-- Data extracts follows --

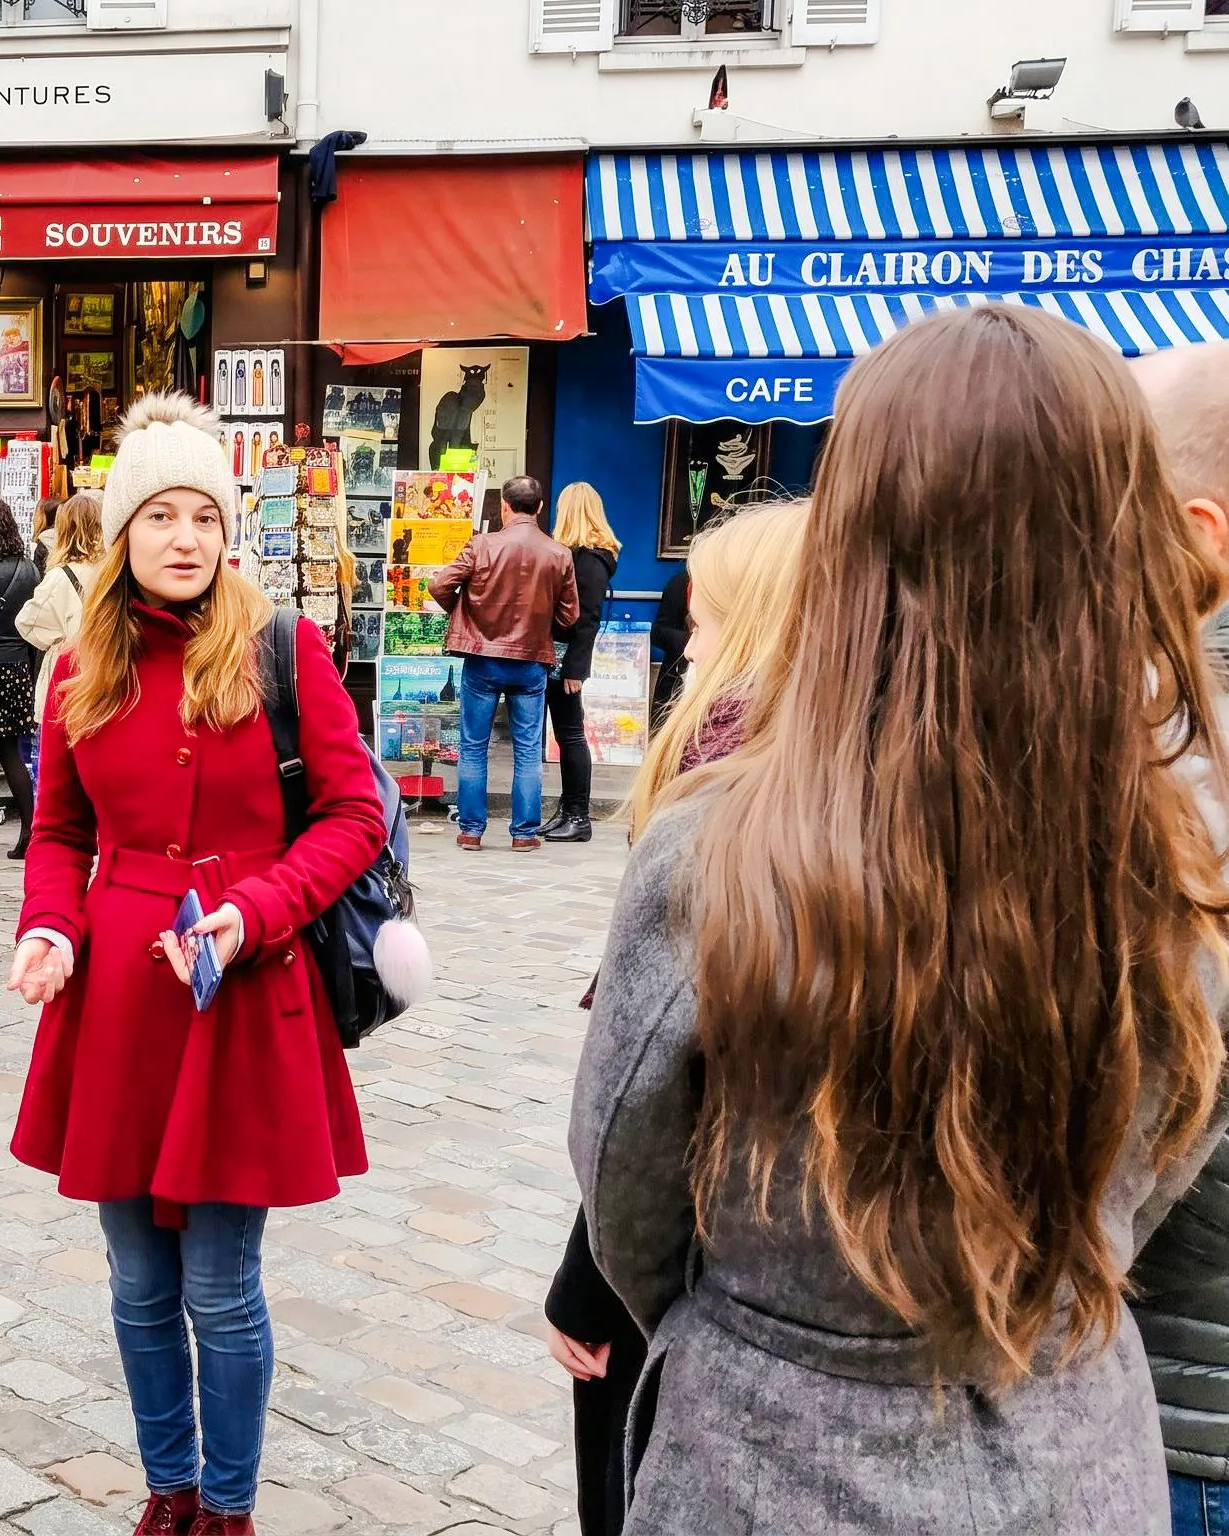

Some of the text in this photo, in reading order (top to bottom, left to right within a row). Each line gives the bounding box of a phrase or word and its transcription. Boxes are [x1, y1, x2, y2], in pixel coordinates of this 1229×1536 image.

[45, 221, 242, 247] SOUVENIRS
[718, 253, 776, 286] AU
[802, 250, 994, 287] CLAIRON
[1021, 249, 1104, 284] DES
[725, 377, 813, 402] CAFE

-- Data extracts concluded --

> _Exercise instructions_: Because pictures are not wanted, give every entry above again exactly without them.

> _Solution for this problem_:
Some of the text in this photo, in reading order (top to bottom, left to right within a row). Each line gives the bounding box of a phrase or word and its transcription. Boxes are [x1, y1, x2, y2], in pixel coordinates of this 1229×1536 image.

[45, 221, 242, 247] SOUVENIRS
[718, 253, 776, 286] AU
[802, 250, 994, 287] CLAIRON
[1021, 249, 1104, 284] DES
[725, 377, 813, 402] CAFE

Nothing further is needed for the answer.